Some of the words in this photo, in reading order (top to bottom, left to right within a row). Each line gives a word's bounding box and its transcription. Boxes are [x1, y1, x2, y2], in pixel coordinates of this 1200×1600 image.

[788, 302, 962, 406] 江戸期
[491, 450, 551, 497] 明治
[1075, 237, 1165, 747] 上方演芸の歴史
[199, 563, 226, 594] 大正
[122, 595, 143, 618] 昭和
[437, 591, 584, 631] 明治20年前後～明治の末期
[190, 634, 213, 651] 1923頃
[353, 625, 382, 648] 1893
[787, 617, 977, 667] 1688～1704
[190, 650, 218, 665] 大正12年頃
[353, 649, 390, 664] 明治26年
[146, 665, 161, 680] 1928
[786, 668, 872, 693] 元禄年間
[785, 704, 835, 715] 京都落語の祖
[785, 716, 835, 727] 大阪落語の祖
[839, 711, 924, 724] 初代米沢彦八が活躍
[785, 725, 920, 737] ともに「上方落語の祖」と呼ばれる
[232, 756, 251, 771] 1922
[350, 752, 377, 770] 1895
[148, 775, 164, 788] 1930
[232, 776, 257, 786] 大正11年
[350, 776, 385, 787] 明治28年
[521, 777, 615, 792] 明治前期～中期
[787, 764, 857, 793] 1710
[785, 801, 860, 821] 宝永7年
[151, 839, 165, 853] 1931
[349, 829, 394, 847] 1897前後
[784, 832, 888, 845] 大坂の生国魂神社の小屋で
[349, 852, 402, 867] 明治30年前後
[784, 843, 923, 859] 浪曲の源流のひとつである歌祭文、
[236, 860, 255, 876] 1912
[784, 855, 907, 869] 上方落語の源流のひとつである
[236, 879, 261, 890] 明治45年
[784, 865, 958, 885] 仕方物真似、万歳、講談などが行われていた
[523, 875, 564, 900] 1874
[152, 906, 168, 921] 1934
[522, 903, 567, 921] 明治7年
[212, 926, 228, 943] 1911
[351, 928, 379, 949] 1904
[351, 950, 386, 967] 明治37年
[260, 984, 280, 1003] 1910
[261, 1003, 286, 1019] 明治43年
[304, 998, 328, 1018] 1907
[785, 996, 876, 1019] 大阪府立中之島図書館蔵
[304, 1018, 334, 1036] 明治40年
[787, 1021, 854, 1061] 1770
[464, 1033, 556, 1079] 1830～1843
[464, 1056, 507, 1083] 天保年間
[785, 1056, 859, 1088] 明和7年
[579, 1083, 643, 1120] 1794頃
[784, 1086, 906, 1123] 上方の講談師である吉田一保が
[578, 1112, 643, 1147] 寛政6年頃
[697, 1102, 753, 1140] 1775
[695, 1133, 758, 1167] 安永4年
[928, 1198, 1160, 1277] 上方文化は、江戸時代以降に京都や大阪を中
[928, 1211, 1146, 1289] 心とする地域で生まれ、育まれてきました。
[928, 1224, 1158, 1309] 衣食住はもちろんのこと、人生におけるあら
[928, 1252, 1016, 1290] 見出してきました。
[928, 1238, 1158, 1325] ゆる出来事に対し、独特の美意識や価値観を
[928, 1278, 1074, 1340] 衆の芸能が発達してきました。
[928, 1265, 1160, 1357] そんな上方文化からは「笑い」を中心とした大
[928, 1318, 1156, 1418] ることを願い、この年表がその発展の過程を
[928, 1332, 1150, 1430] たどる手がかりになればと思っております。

********

> _Your objective_
The whole listing above is to be reproduced without any slip.

> _Task answer_
Some of the words in this photo, in reading order (top to bottom, left to right within a row). Each line gives a word's bounding box and its transcription. Boxes are [x1, y1, x2, y2], in pixel coordinates of this 1200×1600 image.

[788, 302, 962, 406] 江戸期
[491, 450, 551, 497] 明治
[1075, 237, 1165, 747] 上方演芸の歴史
[199, 563, 226, 594] 大正
[122, 595, 143, 618] 昭和
[437, 591, 584, 631] 明治20年前後～明治の末期
[190, 634, 213, 651] 1923頃
[353, 625, 382, 648] 1893
[787, 617, 977, 667] 1688～1704
[190, 650, 218, 665] 大正12年頃
[353, 649, 390, 664] 明治26年
[146, 665, 161, 680] 1928
[786, 668, 872, 693] 元禄年間
[785, 704, 835, 715] 京都落語の祖
[785, 716, 835, 727] 大阪落語の祖
[839, 711, 924, 724] 初代米沢彦八が活躍
[785, 725, 920, 737] ともに「上方落語の祖」と呼ばれる
[232, 756, 251, 771] 1922
[350, 752, 377, 770] 1895
[148, 775, 164, 788] 1930
[232, 776, 257, 786] 大正11年
[350, 776, 385, 787] 明治28年
[521, 777, 615, 792] 明治前期～中期
[787, 764, 857, 793] 1710
[785, 801, 860, 821] 宝永7年
[151, 839, 165, 853] 1931
[349, 829, 394, 847] 1897前後
[784, 832, 888, 845] 大坂の生国魂神社の小屋で
[349, 852, 402, 867] 明治30年前後
[784, 843, 923, 859] 浪曲の源流のひとつである歌祭文、
[236, 860, 255, 876] 1912
[784, 855, 907, 869] 上方落語の源流のひとつである
[236, 879, 261, 890] 明治45年
[784, 865, 958, 885] 仕方物真似、万歳、講談などが行われていた
[523, 875, 564, 900] 1874
[152, 906, 168, 921] 1934
[522, 903, 567, 921] 明治7年
[212, 926, 228, 943] 1911
[351, 928, 379, 949] 1904
[351, 950, 386, 967] 明治37年
[260, 984, 280, 1003] 1910
[261, 1003, 286, 1019] 明治43年
[304, 998, 328, 1018] 1907
[785, 996, 876, 1019] 大阪府立中之島図書館蔵
[304, 1018, 334, 1036] 明治40年
[787, 1021, 854, 1061] 1770
[464, 1033, 556, 1079] 1830～1843
[464, 1056, 507, 1083] 天保年間
[785, 1056, 859, 1088] 明和7年
[579, 1083, 643, 1120] 1794頃
[784, 1086, 906, 1123] 上方の講談師である吉田一保が
[578, 1112, 643, 1147] 寛政6年頃
[697, 1102, 753, 1140] 1775
[695, 1133, 758, 1167] 安永4年
[928, 1198, 1160, 1277] 上方文化は、江戸時代以降に京都や大阪を中
[928, 1211, 1146, 1289] 心とする地域で生まれ、育まれてきました。
[928, 1224, 1158, 1309] 衣食住はもちろんのこと、人生におけるあら
[928, 1252, 1016, 1290] 見出してきました。
[928, 1238, 1158, 1325] ゆる出来事に対し、独特の美意識や価値観を
[928, 1278, 1074, 1340] 衆の芸能が発達してきました。
[928, 1265, 1160, 1357] そんな上方文化からは「笑い」を中心とした大
[928, 1318, 1156, 1418] ることを願い、この年表がその発展の過程を
[928, 1332, 1150, 1430] たどる手がかりになればと思っております。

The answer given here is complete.